* _EXERCISE BRIEF_: Copy out once more, exactly, the line with "this 2212×1659 image." and all the lines after it, up to the last line of the data.
- Opening Delimiter -
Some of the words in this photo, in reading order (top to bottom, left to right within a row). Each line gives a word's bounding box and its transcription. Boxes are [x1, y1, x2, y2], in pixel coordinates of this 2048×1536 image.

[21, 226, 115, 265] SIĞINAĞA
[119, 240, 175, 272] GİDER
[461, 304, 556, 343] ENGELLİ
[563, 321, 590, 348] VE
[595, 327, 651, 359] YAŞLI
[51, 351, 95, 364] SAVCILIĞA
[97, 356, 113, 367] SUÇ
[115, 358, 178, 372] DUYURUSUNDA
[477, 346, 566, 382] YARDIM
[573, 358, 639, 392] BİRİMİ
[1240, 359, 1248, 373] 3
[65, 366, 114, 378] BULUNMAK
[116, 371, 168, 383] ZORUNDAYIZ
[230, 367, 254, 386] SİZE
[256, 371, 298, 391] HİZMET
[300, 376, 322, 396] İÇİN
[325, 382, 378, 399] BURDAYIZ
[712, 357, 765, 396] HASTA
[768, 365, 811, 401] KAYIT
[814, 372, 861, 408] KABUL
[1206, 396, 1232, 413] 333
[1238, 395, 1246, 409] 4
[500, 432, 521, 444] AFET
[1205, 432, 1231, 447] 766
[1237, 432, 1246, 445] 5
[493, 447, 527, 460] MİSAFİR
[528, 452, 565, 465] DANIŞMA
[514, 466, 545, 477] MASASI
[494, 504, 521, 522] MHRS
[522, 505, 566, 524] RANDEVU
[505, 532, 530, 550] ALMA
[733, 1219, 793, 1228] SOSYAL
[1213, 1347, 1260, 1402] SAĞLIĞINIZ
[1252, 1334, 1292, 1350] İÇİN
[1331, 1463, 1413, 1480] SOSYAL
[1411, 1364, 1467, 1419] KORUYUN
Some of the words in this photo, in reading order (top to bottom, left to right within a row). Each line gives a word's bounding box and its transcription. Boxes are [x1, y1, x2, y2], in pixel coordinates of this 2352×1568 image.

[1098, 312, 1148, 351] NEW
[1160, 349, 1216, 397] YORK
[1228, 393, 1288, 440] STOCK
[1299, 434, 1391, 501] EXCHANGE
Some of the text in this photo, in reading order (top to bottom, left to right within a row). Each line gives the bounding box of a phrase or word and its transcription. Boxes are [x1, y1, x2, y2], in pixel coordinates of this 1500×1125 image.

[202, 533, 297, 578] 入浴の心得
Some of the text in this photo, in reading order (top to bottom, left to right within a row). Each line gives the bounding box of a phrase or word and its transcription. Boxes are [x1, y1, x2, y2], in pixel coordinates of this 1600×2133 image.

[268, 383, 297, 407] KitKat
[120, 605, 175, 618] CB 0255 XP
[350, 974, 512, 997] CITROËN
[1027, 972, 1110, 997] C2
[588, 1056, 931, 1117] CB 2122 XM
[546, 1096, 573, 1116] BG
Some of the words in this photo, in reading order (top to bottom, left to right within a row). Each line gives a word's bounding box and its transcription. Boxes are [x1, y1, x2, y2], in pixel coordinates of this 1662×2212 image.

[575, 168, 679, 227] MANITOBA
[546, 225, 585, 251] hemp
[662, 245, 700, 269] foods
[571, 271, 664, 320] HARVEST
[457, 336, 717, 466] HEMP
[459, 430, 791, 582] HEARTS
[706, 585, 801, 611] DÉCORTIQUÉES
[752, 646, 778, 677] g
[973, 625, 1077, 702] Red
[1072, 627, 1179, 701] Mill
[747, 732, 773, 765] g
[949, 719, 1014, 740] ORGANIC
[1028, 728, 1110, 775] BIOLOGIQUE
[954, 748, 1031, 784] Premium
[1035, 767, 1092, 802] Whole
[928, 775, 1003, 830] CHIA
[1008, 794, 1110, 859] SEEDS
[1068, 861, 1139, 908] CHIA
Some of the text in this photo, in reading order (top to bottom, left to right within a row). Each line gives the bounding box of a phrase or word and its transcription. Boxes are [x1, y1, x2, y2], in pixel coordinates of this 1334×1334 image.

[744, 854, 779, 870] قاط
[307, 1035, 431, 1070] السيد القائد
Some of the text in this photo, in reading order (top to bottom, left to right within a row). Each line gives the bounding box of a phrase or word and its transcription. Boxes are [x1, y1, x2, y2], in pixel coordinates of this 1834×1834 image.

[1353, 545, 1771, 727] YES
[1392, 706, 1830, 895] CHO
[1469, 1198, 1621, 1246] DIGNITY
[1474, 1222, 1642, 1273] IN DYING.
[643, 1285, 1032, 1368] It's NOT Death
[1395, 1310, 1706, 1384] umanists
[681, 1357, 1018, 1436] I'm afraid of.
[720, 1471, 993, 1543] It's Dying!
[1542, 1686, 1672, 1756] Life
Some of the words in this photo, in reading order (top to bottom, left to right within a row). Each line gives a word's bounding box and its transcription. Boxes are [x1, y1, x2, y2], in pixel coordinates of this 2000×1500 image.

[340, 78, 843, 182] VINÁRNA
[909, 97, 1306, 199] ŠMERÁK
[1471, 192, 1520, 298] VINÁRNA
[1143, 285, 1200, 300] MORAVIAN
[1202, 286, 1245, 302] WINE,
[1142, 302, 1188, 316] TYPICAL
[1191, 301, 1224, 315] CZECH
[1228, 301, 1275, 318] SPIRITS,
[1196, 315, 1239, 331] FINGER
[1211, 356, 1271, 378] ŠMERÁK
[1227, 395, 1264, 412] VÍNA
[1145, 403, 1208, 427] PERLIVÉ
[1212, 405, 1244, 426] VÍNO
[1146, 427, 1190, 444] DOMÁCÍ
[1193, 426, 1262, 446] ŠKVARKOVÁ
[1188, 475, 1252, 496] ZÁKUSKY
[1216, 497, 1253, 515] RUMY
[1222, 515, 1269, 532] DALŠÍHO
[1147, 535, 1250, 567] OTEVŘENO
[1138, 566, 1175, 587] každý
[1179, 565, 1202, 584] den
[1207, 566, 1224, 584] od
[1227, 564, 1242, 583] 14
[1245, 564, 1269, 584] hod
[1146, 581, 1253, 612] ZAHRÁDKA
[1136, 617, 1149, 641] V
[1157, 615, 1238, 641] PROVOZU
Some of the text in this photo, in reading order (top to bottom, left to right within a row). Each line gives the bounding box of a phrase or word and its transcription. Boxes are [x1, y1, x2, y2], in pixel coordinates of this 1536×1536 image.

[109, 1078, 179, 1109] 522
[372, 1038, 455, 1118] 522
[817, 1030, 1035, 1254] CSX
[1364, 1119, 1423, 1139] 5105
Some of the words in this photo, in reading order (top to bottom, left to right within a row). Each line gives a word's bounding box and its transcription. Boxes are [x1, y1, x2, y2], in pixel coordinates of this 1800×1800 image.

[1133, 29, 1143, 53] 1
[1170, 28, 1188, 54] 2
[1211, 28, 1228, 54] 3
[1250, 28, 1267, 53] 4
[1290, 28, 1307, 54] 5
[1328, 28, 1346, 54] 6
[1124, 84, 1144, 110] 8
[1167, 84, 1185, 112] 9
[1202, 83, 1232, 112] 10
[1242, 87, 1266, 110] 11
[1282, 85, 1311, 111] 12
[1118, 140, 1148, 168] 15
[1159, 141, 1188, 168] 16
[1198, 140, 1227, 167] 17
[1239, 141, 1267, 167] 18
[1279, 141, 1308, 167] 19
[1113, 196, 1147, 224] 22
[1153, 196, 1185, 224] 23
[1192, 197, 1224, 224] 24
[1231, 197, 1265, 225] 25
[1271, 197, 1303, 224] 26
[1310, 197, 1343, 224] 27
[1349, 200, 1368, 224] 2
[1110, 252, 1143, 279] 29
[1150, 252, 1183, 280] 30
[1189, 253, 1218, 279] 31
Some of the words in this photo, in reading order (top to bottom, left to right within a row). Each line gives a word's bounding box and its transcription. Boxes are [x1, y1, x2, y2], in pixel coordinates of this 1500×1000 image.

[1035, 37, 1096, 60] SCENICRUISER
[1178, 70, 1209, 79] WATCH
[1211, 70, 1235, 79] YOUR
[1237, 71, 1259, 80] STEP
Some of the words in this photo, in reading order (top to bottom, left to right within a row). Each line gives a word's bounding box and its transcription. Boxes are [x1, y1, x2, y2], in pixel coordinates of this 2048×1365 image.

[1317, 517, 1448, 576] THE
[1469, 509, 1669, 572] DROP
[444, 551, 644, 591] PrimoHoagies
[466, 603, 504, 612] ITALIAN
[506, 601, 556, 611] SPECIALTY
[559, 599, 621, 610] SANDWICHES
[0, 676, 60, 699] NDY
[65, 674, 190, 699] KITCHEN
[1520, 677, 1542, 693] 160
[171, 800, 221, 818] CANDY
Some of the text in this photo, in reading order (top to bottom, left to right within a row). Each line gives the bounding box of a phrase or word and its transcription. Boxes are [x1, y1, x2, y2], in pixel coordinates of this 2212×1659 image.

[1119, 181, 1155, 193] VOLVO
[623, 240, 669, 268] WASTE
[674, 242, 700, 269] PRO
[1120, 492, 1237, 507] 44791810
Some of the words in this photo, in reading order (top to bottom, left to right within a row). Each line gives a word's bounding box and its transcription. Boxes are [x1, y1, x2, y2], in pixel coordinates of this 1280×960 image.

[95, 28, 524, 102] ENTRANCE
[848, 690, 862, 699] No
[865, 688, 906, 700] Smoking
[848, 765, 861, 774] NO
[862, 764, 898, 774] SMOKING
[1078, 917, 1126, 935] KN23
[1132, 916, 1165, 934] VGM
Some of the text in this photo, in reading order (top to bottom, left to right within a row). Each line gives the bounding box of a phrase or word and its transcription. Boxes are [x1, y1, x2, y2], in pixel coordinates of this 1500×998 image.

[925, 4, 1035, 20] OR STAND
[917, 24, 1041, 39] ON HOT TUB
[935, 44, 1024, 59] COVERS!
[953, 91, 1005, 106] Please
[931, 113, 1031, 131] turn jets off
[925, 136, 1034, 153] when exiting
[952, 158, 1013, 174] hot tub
- Closing Delimiter -
* _EXERCISE RESPONSE_:
Some of the text in this photo, in reading order (top to bottom, left to right within a row). Each line gives the bounding box of a phrase or word and its transcription. Boxes are [x1, y1, x2, y2], in pixel coordinates of this 2212×1659 image.

[1119, 181, 1155, 193] VOLVO
[623, 240, 669, 268] WASTE
[674, 242, 700, 269] PRO
[1120, 492, 1237, 507] 44791810
Some of the words in this photo, in reading order (top to bottom, left to right within a row). Each line gives a word's bounding box and its transcription. Boxes are [x1, y1, x2, y2], in pixel coordinates of this 1280×960 image.

[95, 28, 524, 102] ENTRANCE
[848, 690, 862, 699] No
[865, 688, 906, 700] Smoking
[848, 765, 861, 774] NO
[862, 764, 898, 774] SMOKING
[1078, 917, 1126, 935] KN23
[1132, 916, 1165, 934] VGM
Some of the text in this photo, in reading order (top to bottom, left to right within a row). Each line gives the bounding box of a phrase or word and its transcription. Boxes are [x1, y1, x2, y2], in pixel coordinates of this 1500×998 image.

[925, 4, 1035, 20] OR STAND
[917, 24, 1041, 39] ON HOT TUB
[935, 44, 1024, 59] COVERS!
[953, 91, 1005, 106] Please
[931, 113, 1031, 131] turn jets off
[925, 136, 1034, 153] when exiting
[952, 158, 1013, 174] hot tub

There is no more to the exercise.